Restate the records below word for word.

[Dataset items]
>>>

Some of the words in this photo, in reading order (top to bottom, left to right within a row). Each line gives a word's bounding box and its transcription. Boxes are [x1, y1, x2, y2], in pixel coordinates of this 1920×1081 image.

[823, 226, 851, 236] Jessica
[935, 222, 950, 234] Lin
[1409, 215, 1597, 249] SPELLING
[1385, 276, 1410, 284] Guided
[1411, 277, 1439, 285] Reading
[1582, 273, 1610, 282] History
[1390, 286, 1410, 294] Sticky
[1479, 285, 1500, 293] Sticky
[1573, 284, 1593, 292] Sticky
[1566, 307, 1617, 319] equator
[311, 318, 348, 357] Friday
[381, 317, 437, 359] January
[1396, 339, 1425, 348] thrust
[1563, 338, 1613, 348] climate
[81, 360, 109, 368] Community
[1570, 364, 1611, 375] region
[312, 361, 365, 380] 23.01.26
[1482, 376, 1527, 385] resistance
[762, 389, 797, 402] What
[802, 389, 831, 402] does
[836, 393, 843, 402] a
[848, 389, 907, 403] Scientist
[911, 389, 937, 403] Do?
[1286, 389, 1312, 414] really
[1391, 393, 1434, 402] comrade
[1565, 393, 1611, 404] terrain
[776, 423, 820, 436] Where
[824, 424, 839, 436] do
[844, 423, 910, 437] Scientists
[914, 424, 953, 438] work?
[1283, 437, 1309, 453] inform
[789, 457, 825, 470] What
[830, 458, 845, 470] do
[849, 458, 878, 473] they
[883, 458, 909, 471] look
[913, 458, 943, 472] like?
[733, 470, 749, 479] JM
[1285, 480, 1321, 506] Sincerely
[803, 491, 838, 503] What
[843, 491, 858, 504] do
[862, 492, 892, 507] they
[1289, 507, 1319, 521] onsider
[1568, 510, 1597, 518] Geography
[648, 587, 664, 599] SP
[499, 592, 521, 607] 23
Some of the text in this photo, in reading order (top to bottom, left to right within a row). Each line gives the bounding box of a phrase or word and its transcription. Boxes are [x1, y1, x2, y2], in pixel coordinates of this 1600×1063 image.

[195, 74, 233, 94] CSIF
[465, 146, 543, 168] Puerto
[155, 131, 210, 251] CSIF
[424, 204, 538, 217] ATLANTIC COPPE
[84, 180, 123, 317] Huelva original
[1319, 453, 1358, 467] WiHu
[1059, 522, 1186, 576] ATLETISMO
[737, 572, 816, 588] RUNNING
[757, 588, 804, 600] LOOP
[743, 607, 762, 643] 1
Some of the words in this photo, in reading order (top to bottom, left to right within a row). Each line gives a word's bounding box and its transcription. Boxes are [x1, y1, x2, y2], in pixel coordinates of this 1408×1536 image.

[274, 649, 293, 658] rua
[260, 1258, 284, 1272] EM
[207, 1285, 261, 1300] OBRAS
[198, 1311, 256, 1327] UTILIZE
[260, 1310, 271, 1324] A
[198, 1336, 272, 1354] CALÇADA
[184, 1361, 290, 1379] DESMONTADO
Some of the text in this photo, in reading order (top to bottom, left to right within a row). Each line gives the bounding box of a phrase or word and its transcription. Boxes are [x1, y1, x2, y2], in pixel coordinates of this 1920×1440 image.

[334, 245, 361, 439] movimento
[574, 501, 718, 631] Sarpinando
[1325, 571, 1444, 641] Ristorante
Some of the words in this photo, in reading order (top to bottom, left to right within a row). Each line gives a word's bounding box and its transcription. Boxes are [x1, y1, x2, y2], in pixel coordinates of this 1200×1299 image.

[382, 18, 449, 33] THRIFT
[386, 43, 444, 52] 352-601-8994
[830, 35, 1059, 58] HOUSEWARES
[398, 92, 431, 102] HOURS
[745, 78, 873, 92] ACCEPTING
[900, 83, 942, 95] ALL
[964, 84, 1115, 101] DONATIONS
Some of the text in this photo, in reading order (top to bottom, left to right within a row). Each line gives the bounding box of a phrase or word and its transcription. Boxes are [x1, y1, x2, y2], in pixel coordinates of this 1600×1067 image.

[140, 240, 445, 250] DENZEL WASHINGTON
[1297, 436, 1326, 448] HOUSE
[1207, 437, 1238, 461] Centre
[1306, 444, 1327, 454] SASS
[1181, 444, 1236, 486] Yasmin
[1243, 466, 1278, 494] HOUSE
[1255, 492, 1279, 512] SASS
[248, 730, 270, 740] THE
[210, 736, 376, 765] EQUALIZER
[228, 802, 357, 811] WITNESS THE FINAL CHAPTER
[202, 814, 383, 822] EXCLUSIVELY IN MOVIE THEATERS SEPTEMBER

<<<

SOLUTION:
Some of the words in this photo, in reading order (top to bottom, left to right within a row). Each line gives a word's bounding box and its transcription. Boxes are [x1, y1, x2, y2], in pixel coordinates of this 1920×1081 image.

[823, 226, 851, 236] Jessica
[935, 222, 950, 234] Lin
[1409, 215, 1597, 249] SPELLING
[1385, 276, 1410, 284] Guided
[1411, 277, 1439, 285] Reading
[1582, 273, 1610, 282] History
[1390, 286, 1410, 294] Sticky
[1479, 285, 1500, 293] Sticky
[1573, 284, 1593, 292] Sticky
[1566, 307, 1617, 319] equator
[311, 318, 348, 357] Friday
[381, 317, 437, 359] January
[1396, 339, 1425, 348] thrust
[1563, 338, 1613, 348] climate
[81, 360, 109, 368] Community
[1570, 364, 1611, 375] region
[312, 361, 365, 380] 23.01.26
[1482, 376, 1527, 385] resistance
[762, 389, 797, 402] What
[802, 389, 831, 402] does
[836, 393, 843, 402] a
[848, 389, 907, 403] Scientist
[911, 389, 937, 403] Do?
[1286, 389, 1312, 414] really
[1391, 393, 1434, 402] comrade
[1565, 393, 1611, 404] terrain
[776, 423, 820, 436] Where
[824, 424, 839, 436] do
[844, 423, 910, 437] Scientists
[914, 424, 953, 438] work?
[1283, 437, 1309, 453] inform
[789, 457, 825, 470] What
[830, 458, 845, 470] do
[849, 458, 878, 473] they
[883, 458, 909, 471] look
[913, 458, 943, 472] like?
[733, 470, 749, 479] JM
[1285, 480, 1321, 506] Sincerely
[803, 491, 838, 503] What
[843, 491, 858, 504] do
[862, 492, 892, 507] they
[1289, 507, 1319, 521] onsider
[1568, 510, 1597, 518] Geography
[648, 587, 664, 599] SP
[499, 592, 521, 607] 23
Some of the text in this photo, in reading order (top to bottom, left to right within a row). Each line gives the bounding box of a phrase or word and its transcription. Boxes are [x1, y1, x2, y2], in pixel coordinates of this 1600×1063 image.

[195, 74, 233, 94] CSIF
[465, 146, 543, 168] Puerto
[155, 131, 210, 251] CSIF
[424, 204, 538, 217] ATLANTIC COPPE
[84, 180, 123, 317] Huelva original
[1319, 453, 1358, 467] WiHu
[1059, 522, 1186, 576] ATLETISMO
[737, 572, 816, 588] RUNNING
[757, 588, 804, 600] LOOP
[743, 607, 762, 643] 1
Some of the words in this photo, in reading order (top to bottom, left to right within a row). Each line gives a word's bounding box and its transcription. Boxes are [x1, y1, x2, y2], in pixel coordinates of this 1408×1536 image.

[274, 649, 293, 658] rua
[260, 1258, 284, 1272] EM
[207, 1285, 261, 1300] OBRAS
[198, 1311, 256, 1327] UTILIZE
[260, 1310, 271, 1324] A
[198, 1336, 272, 1354] CALÇADA
[184, 1361, 290, 1379] DESMONTADO
Some of the text in this photo, in reading order (top to bottom, left to right within a row). Each line gives the bounding box of a phrase or word and its transcription. Boxes are [x1, y1, x2, y2], in pixel coordinates of this 1920×1440 image.

[334, 245, 361, 439] movimento
[574, 501, 718, 631] Sarpinando
[1325, 571, 1444, 641] Ristorante
Some of the words in this photo, in reading order (top to bottom, left to right within a row). Each line gives a word's bounding box and its transcription. Boxes are [x1, y1, x2, y2], in pixel coordinates of this 1200×1299 image.

[382, 18, 449, 33] THRIFT
[386, 43, 444, 52] 352-601-8994
[830, 35, 1059, 58] HOUSEWARES
[398, 92, 431, 102] HOURS
[745, 78, 873, 92] ACCEPTING
[900, 83, 942, 95] ALL
[964, 84, 1115, 101] DONATIONS
Some of the text in this photo, in reading order (top to bottom, left to right within a row). Each line gives the bounding box of a phrase or word and its transcription. Boxes are [x1, y1, x2, y2], in pixel coordinates of this 1600×1067 image.

[140, 240, 445, 250] DENZEL WASHINGTON
[1297, 436, 1326, 448] HOUSE
[1207, 437, 1238, 461] Centre
[1306, 444, 1327, 454] SASS
[1181, 444, 1236, 486] Yasmin
[1243, 466, 1278, 494] HOUSE
[1255, 492, 1279, 512] SASS
[248, 730, 270, 740] THE
[210, 736, 376, 765] EQUALIZER
[228, 802, 357, 811] WITNESS THE FINAL CHAPTER
[202, 814, 383, 822] EXCLUSIVELY IN MOVIE THEATERS SEPTEMBER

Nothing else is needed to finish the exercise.